HOW TO COMPLETE THIS TASK =>
Only the images are to be dropped; the records themselves must be repeated exactly.

MATERIAL SHOWN =>
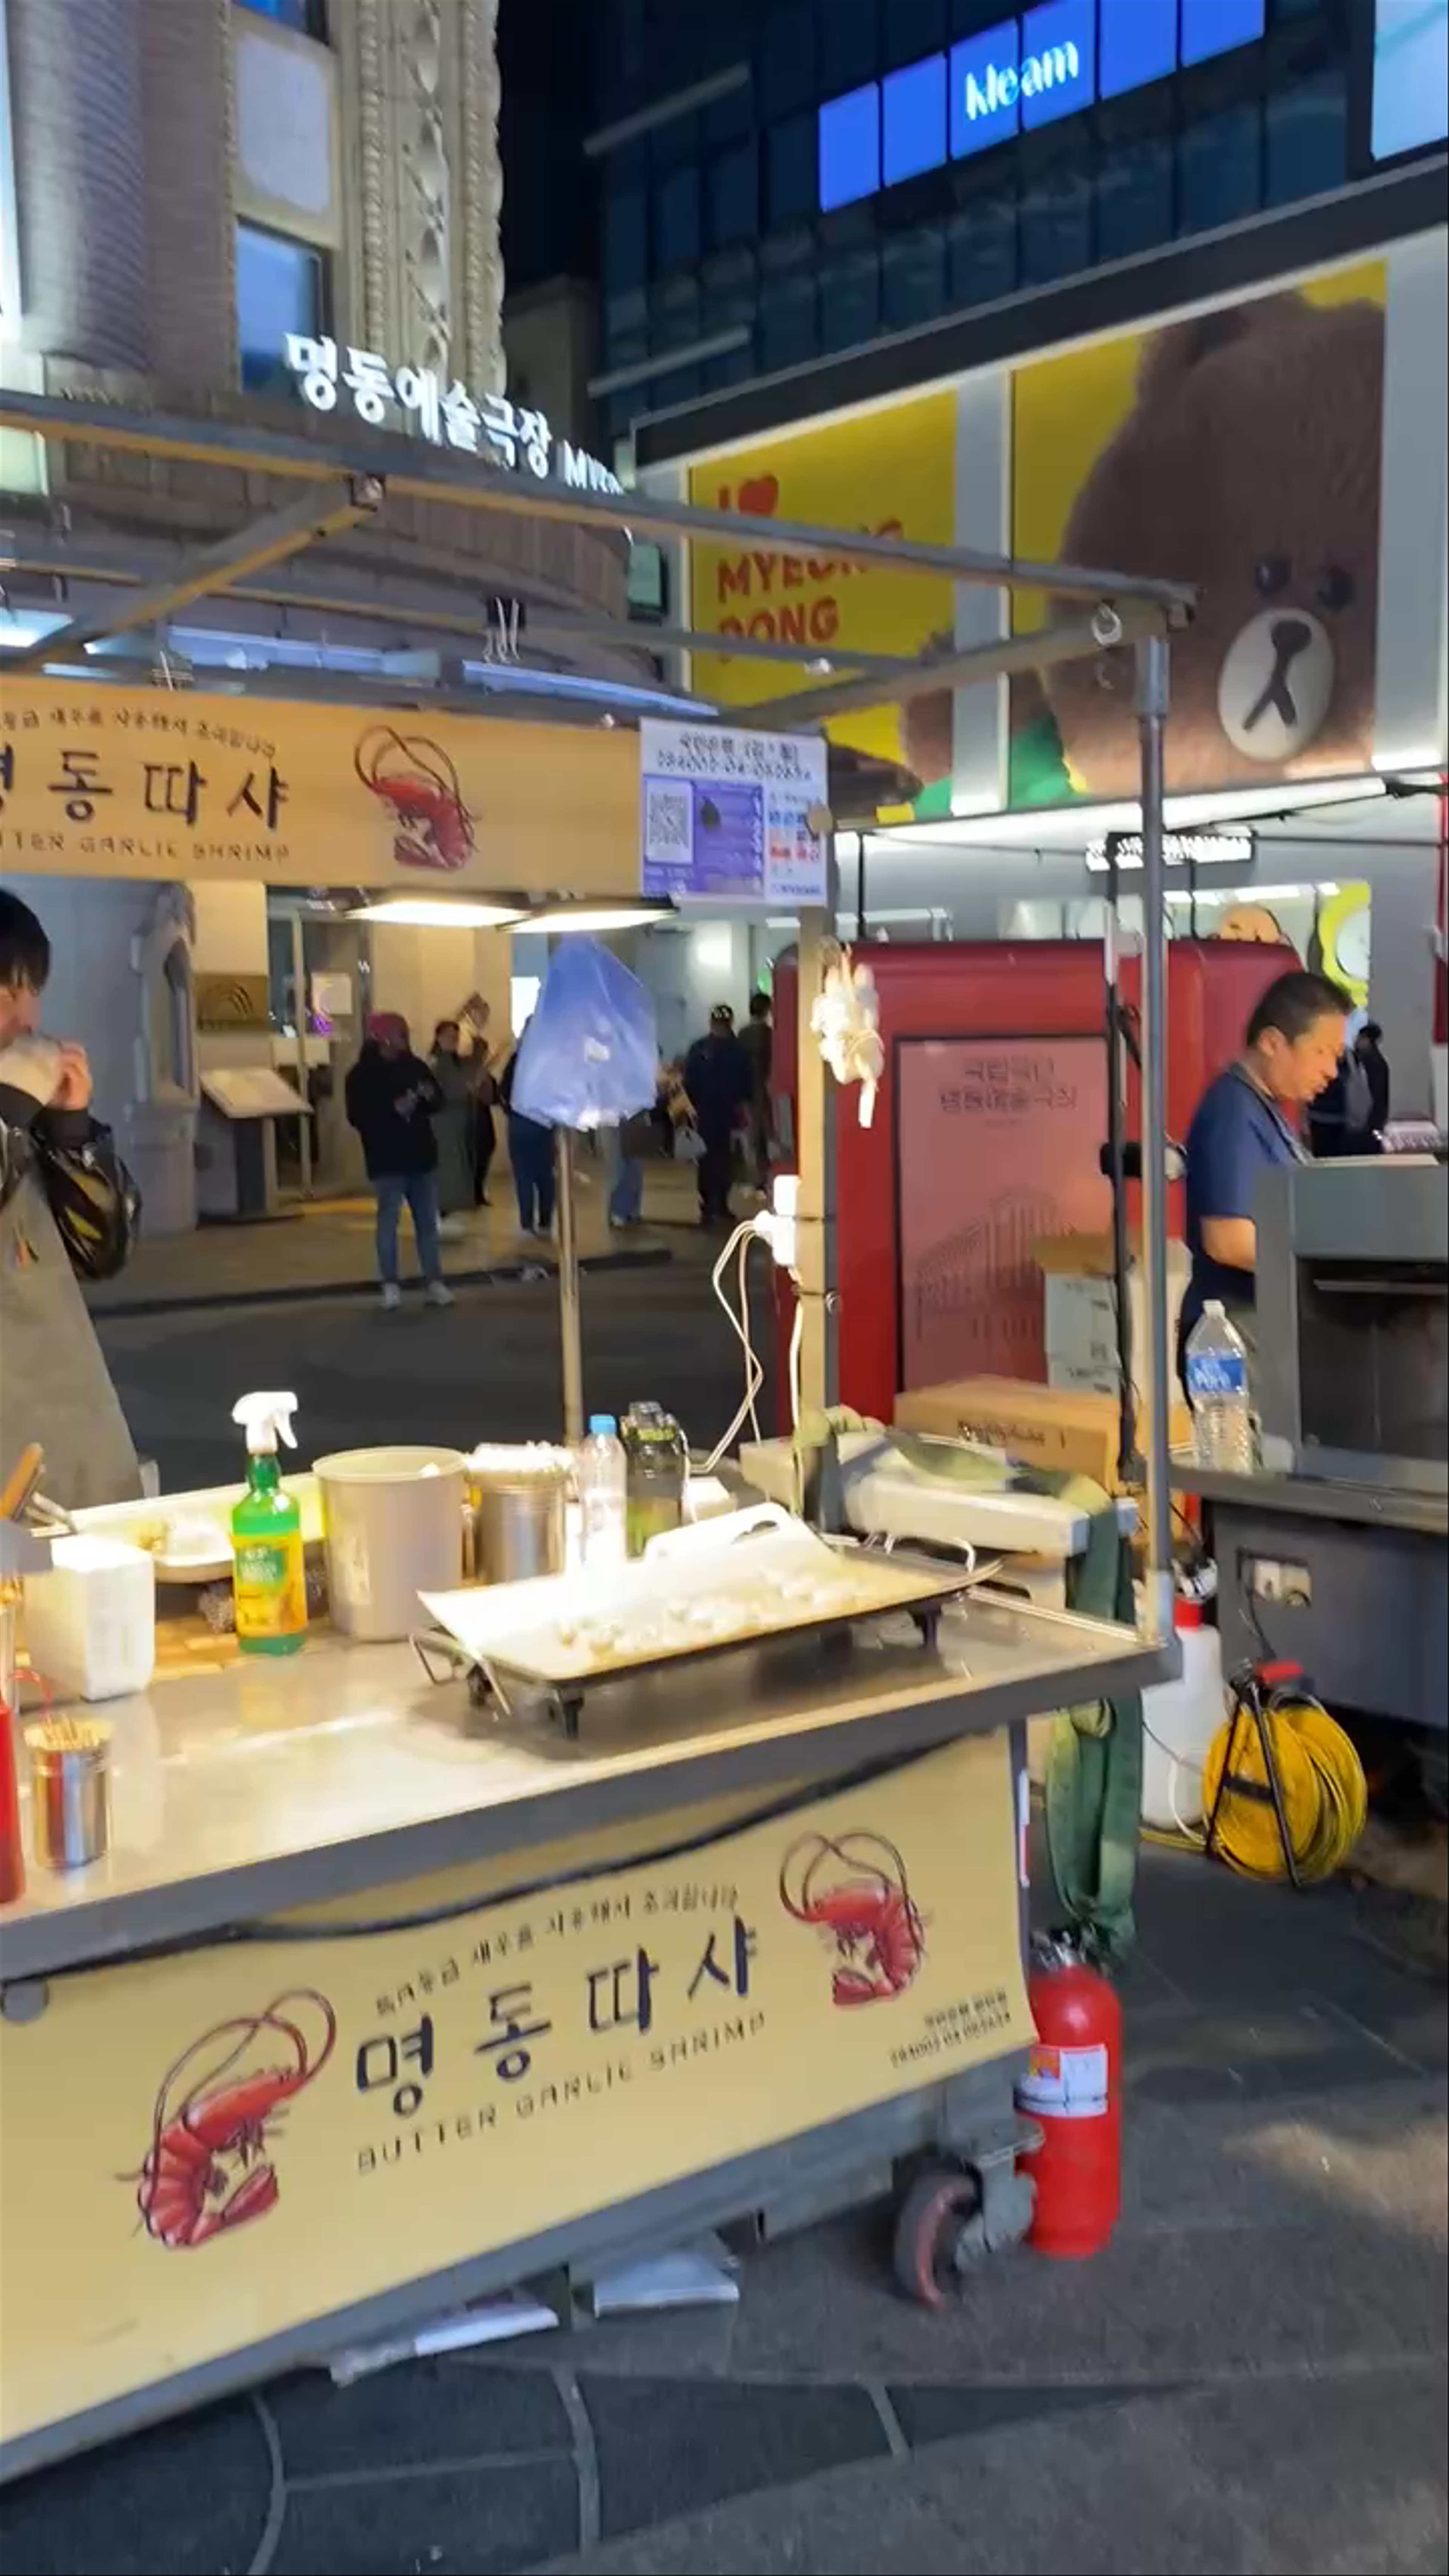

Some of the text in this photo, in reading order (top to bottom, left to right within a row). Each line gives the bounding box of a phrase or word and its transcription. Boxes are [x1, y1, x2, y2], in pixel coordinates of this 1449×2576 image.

[284, 333, 552, 479] 명동예술극장
[80, 835, 177, 858] GARLIC
[192, 842, 290, 864] SHRIMP
[357, 2011, 766, 2176] BUTTER GARLIC SHRIMP
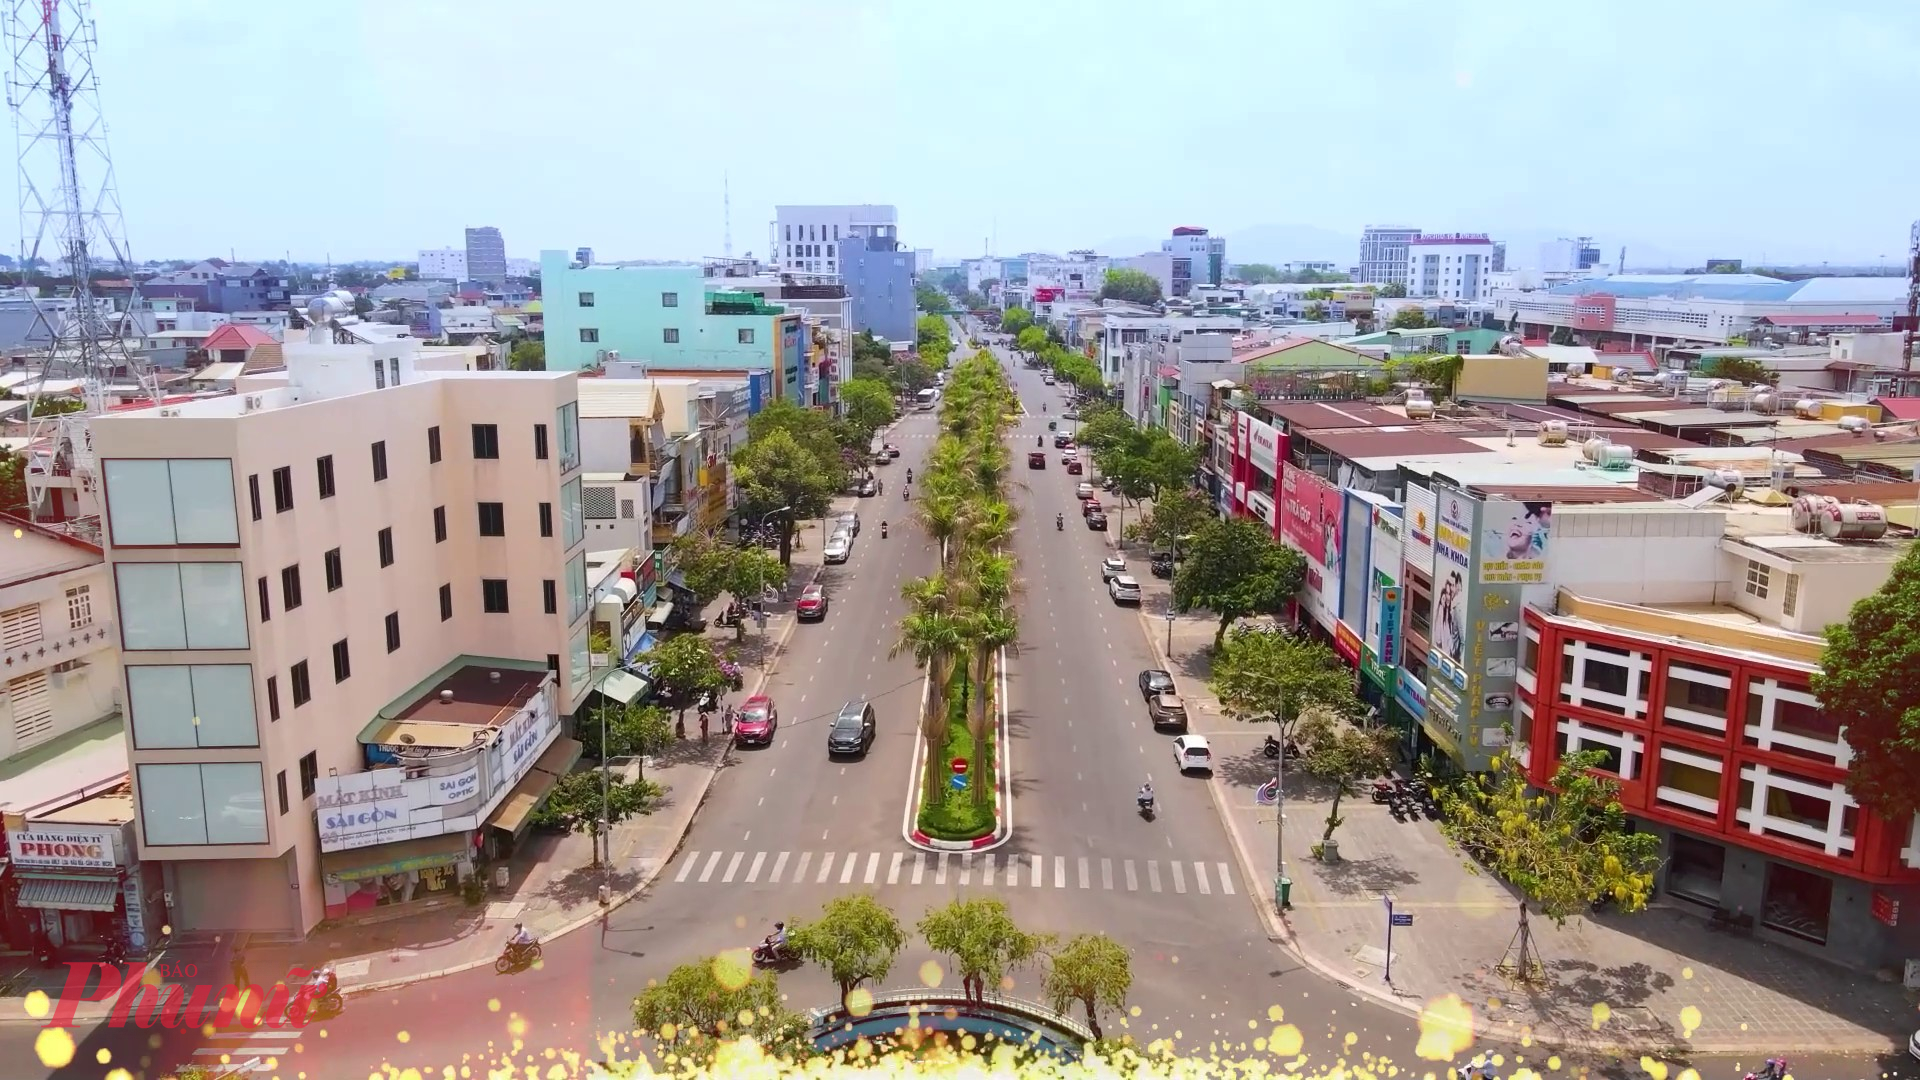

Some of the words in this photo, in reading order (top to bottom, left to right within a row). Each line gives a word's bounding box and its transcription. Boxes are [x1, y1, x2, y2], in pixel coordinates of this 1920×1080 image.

[1436, 541, 1449, 559] NHA
[1450, 549, 1469, 570] KHOA
[438, 780, 456, 791] SAI
[457, 774, 477, 786] GON
[447, 786, 475, 800] OPTIC
[36, 832, 64, 842] HÀNG
[20, 842, 103, 859] PHONG
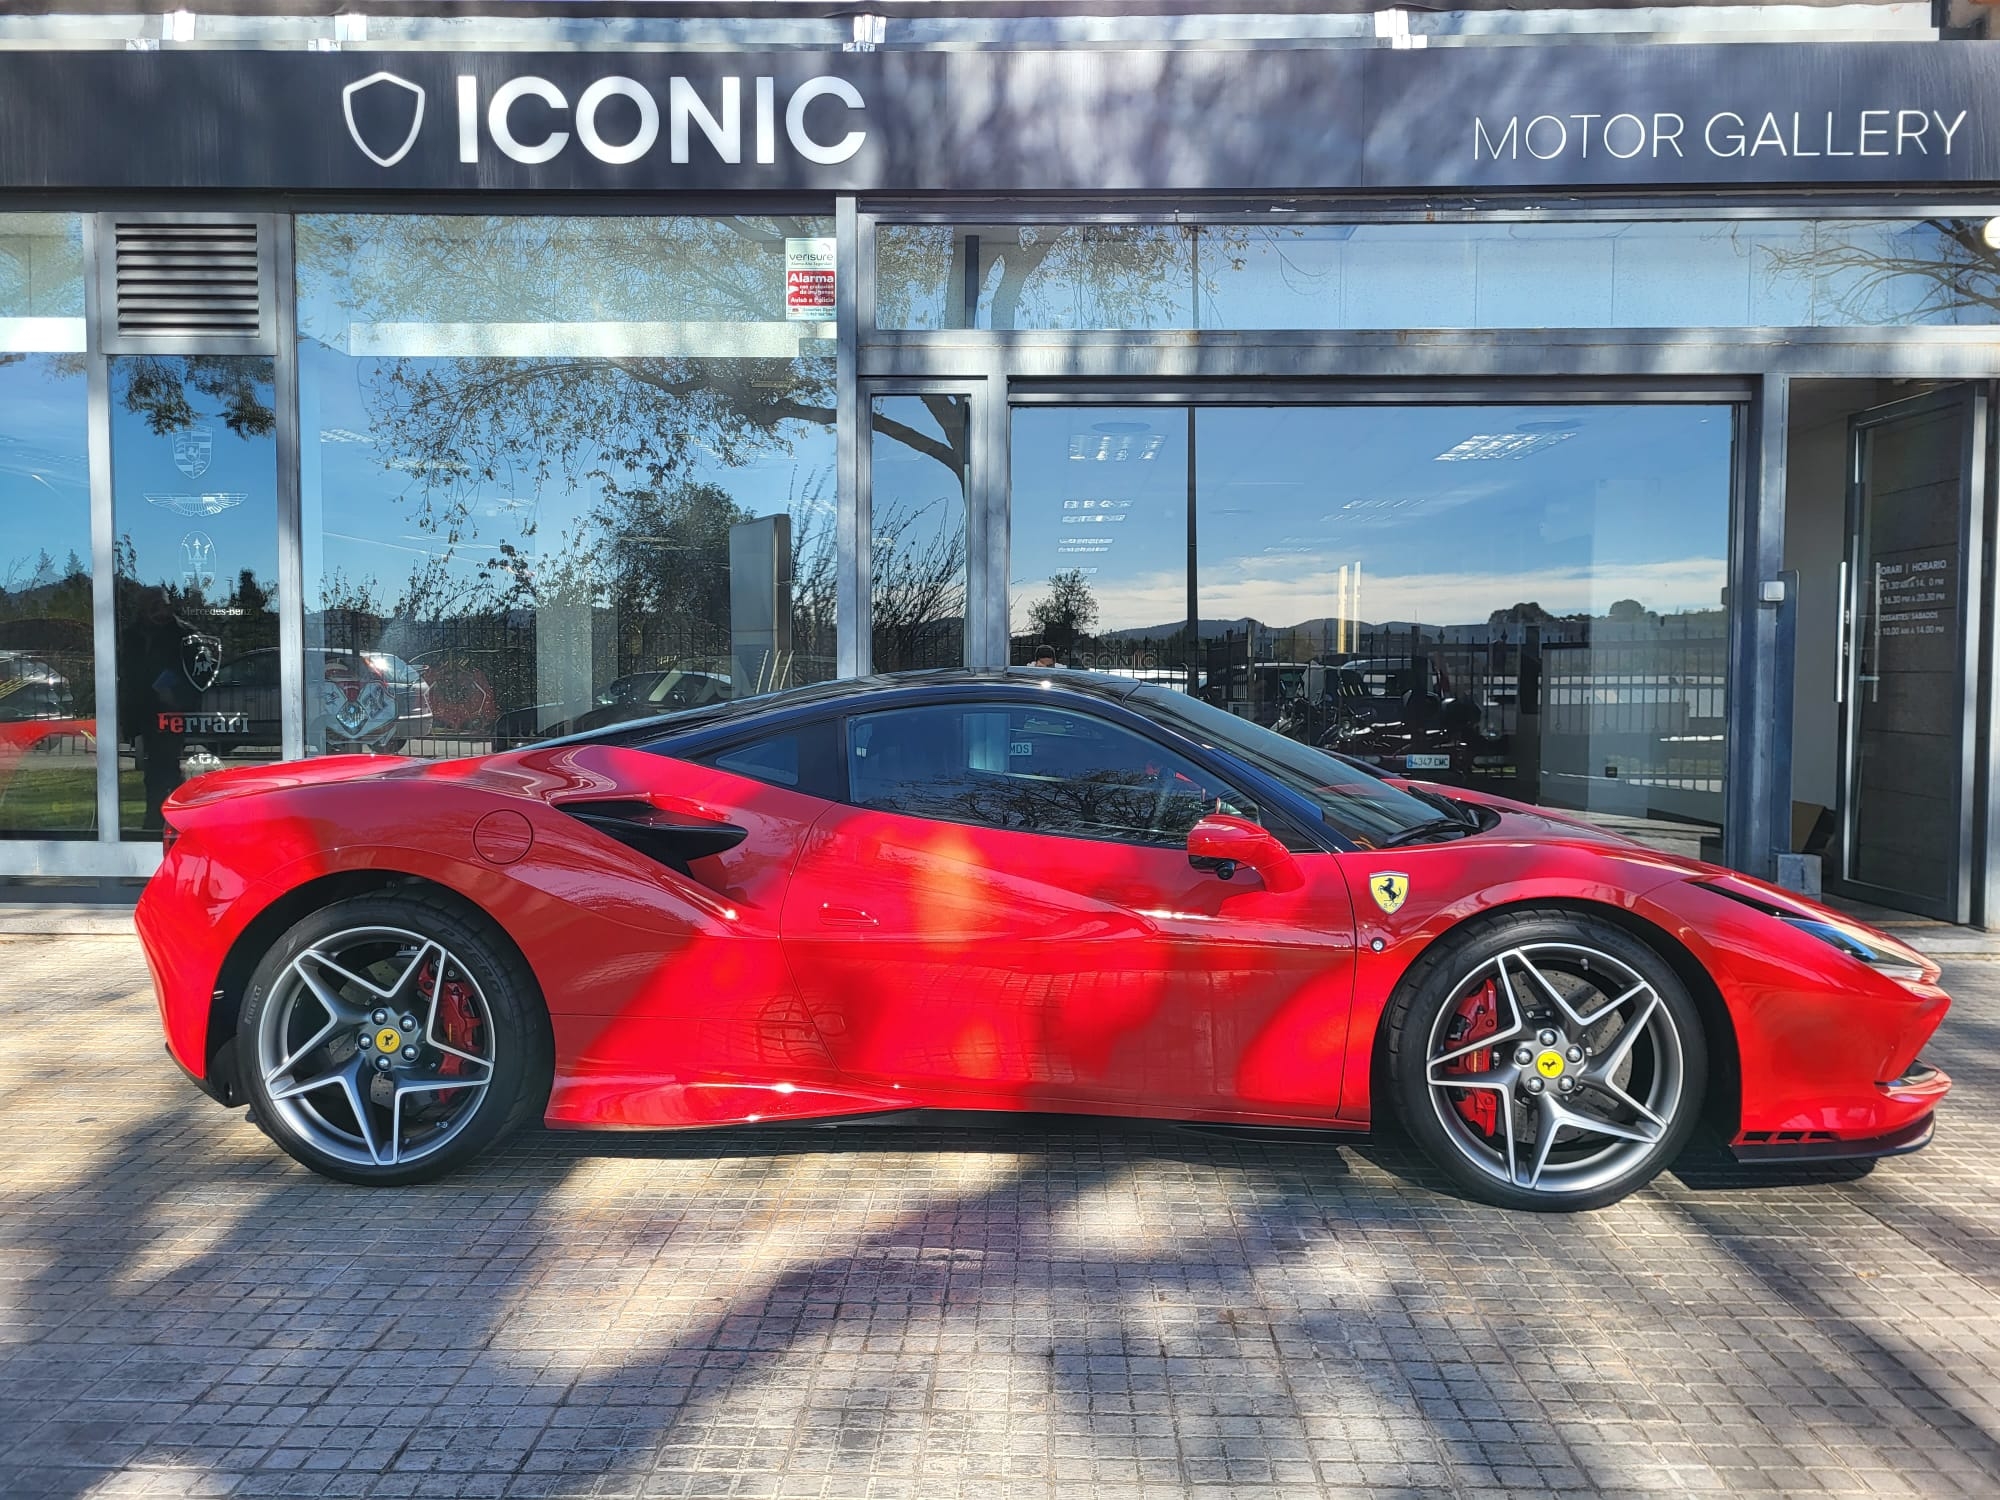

RESULT OF THE EXERCISE =>
Some of the text in this photo, in reading order (top to bottom, left to right within a row). Each line gives the bounding box of a phrase or word and its transcription. Boxes are [x1, y1, x2, y2], in pixel coordinates of this 1449×2576 image.

[284, 333, 552, 479] 명동예술극장
[80, 835, 177, 858] GARLIC
[192, 842, 290, 864] SHRIMP
[357, 2011, 766, 2176] BUTTER GARLIC SHRIMP

Some of the words in this photo, in reading order (top to bottom, left to right within a row). Each line gives a word's bounding box and its transcription. Boxes are [x1, y1, x2, y2], in pixel coordinates of this 1920×1080 image.

[1436, 541, 1449, 559] NHA
[1450, 549, 1469, 570] KHOA
[438, 780, 456, 791] SAI
[457, 774, 477, 786] GON
[447, 786, 475, 800] OPTIC
[36, 832, 64, 842] HÀNG
[20, 842, 103, 859] PHONG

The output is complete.